Swedo and her colleagues realize that mental disorders caused directly by infection or autoimmune reaction are the exception rather than the rule. “Not everybody who gets strep ends up with this autoimmune response,” says Hornig. “The majority of people are walking around with anti-brain antibodies, but are perfectly healthy. How can that be?”

The answer is that, as appealing as the “one bacteria, one reaction, one cure” model of mental illness may be, most cases can’t be explained by looking at the immune system alone. Both advocates and critics of PANDAS agree that mental disorders like OCD, depression, or schizophrenia, in children and adults, should be looked at as a set of symptoms with a variety of possible causes. Genes, environment, and immunity all interact in ways doctors are just beginning to unravel.

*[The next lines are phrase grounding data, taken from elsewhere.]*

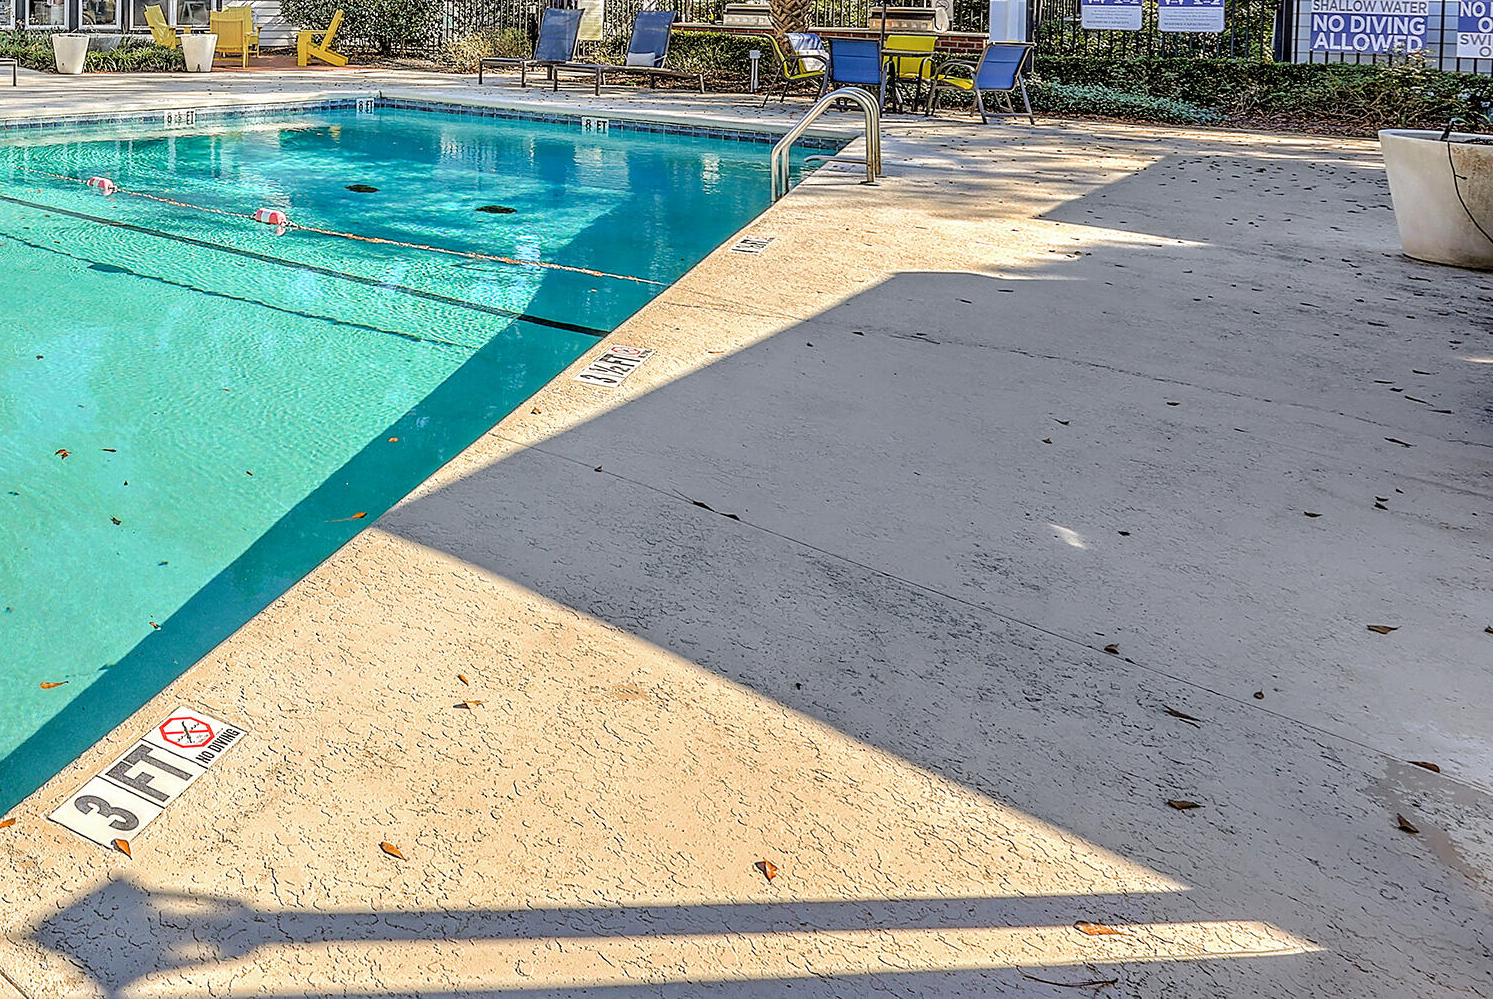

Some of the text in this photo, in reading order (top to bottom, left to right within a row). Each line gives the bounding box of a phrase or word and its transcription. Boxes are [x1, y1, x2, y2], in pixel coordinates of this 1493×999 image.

[1313, 0, 1427, 14] SHALLOW WATER
[1460, 1, 1486, 18] NO
[1313, 15, 1426, 35] NO DIVING
[1313, 32, 1423, 52] ALLOWED
[596, 120, 607, 133] FT
[580, 374, 618, 384] 3
[599, 353, 641, 368] FT
[195, 728, 242, 764] NO DIVING
[74, 743, 194, 832] 3 FT
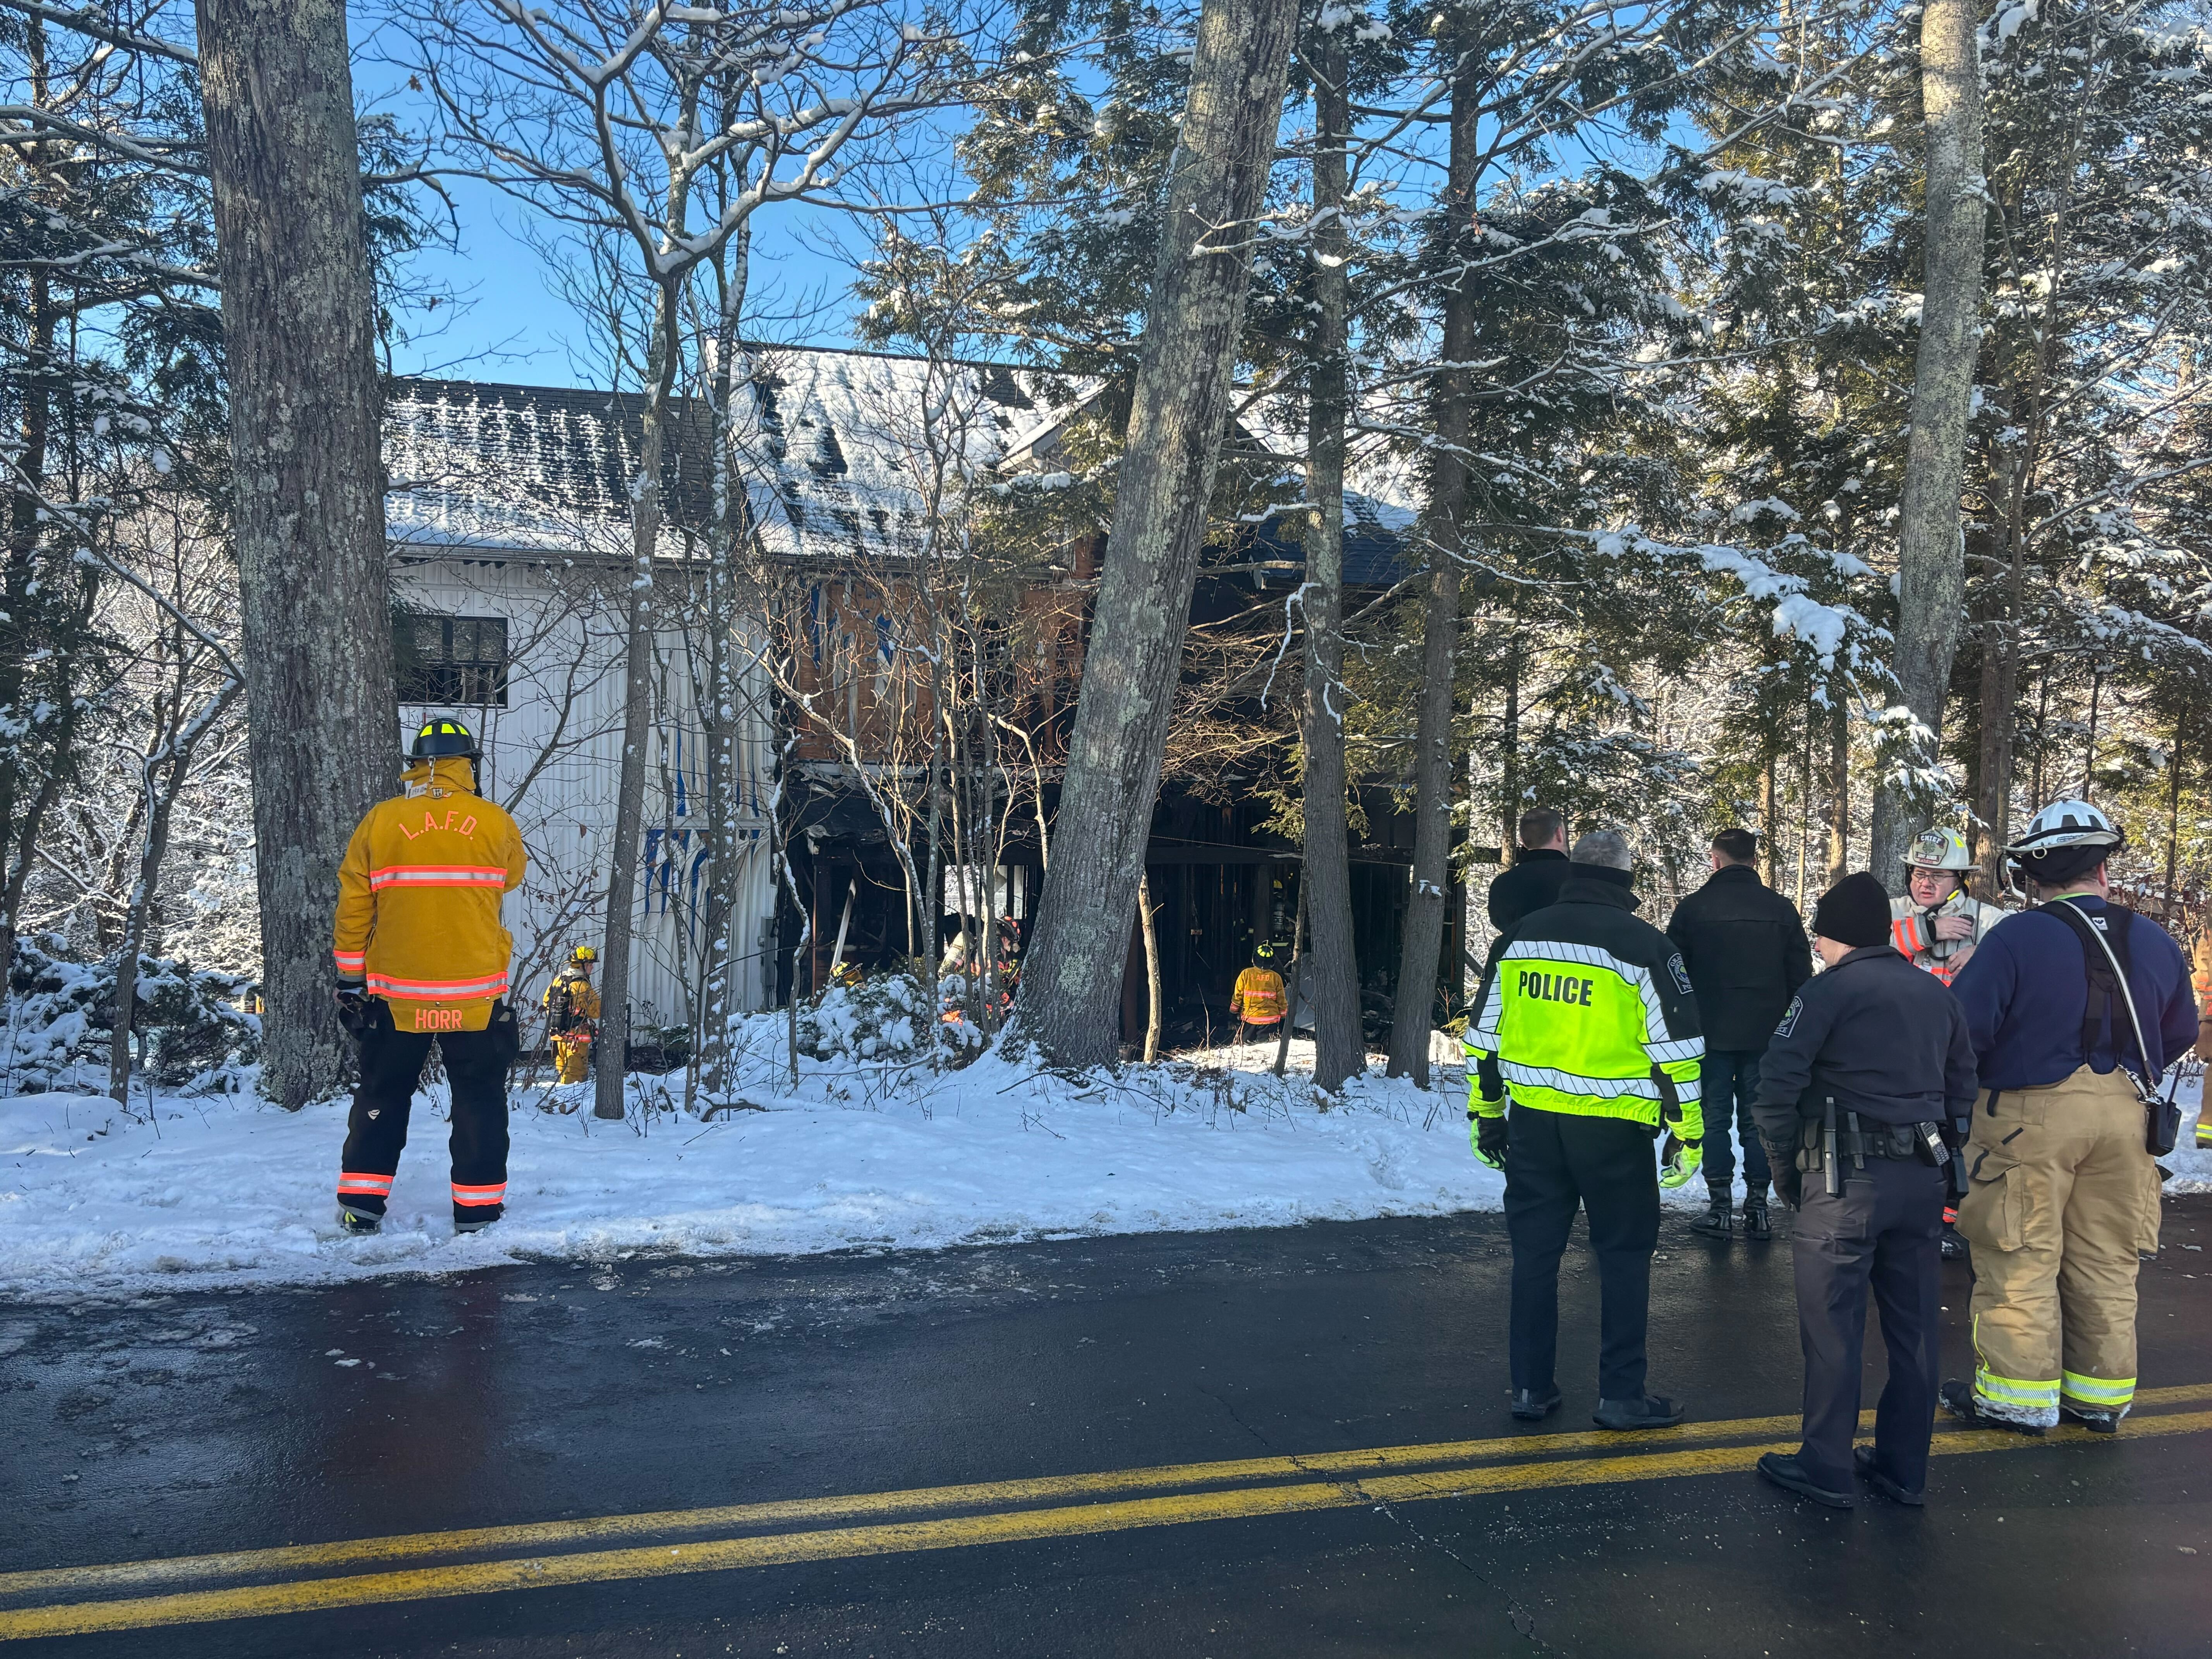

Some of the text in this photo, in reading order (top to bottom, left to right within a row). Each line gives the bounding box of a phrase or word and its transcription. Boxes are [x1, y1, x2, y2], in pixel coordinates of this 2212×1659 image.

[398, 810, 477, 840] L.A.F.D.
[1920, 835, 1942, 843] CHIEF
[1518, 970, 1594, 1007] POLICE
[415, 1008, 462, 1029] HORR

As doctors and scientists return to an earlier, holistic understanding of the relationship between body and brain, they are potentially gaining new treatments for terrifying illnesses. Knowing that at least some mental disorders are caused by infection puts a new set of tools at doctors’ disposal. Swedo, who today is chief of the Pediatrics and Developmental Neuroscience Branch at NIMH, says this new thinking offers tremendous hope. “The most important fact is just because we don’t know what caused it doesn’t mean it’s not real, and it’s not in the brain,” she says.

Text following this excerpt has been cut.